Afterlife

Hi , does anyone ever think about the afterlife ?.

Like is there one ? .

If there is what is it like ? .

I've been obsessivly thinking about it since an experience that I had at Bodmin goal .

My nan had died one year prior to my visit to the goal .

I went with a friend to the ghost event and I we were in a group of six , we did the glass thing where everybody puts a finger on the glass and the spirit uses the energy to move the glass .

I was very skeptical about the whole thing , the medium was saying that a lady was there that used to be a maid or something .

I had read somewhere that if you say the deceased name and then say come forward , that they will come through .

The medium said that you can ask a question in your mind and the spirit will hear you ,so I said my nans name ,come forward .

I kept repeating this and then the medium said oh wait there's another lady coming through , she's pushed the other lady out !.

And then she started asking are you an older lady etc and the glass was moving .

Anyway it turned out it was my nan , the medium had described her down to a T and was saying that she is laughing at me . 
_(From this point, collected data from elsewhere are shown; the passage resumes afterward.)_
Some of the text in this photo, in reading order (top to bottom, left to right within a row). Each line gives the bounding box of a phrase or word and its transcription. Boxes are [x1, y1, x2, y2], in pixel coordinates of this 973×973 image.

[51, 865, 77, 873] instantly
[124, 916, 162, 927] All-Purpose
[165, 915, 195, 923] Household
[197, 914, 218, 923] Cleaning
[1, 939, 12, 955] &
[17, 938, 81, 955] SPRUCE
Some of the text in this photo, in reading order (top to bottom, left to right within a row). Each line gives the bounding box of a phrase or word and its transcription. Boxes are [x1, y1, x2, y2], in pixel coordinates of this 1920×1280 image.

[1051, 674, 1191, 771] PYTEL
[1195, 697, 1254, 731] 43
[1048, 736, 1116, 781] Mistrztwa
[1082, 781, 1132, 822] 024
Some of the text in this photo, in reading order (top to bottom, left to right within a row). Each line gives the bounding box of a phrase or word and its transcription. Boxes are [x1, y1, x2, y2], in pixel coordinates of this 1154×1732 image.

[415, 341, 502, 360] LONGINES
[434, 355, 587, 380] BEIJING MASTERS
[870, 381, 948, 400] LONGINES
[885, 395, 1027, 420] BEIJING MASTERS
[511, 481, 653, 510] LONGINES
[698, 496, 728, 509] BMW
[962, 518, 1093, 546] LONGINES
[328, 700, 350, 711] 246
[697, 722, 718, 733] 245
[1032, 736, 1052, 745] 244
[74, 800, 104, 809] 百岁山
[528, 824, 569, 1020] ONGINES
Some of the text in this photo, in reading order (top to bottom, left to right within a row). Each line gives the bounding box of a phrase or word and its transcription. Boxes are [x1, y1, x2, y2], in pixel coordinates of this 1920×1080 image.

She then said "she's showing me her legs , they're lovely legs she said but I don't know why she's showing me  " 

I didn't say anything but my nan had cellulitis in her legs.

I can't wrap my head around how she knows all this and I can't wrap my head around how a spirit can function without a brain .

I've over analysed it so much that It's made my anxiety bad because now I'm scared of dying because I don't know what to expect.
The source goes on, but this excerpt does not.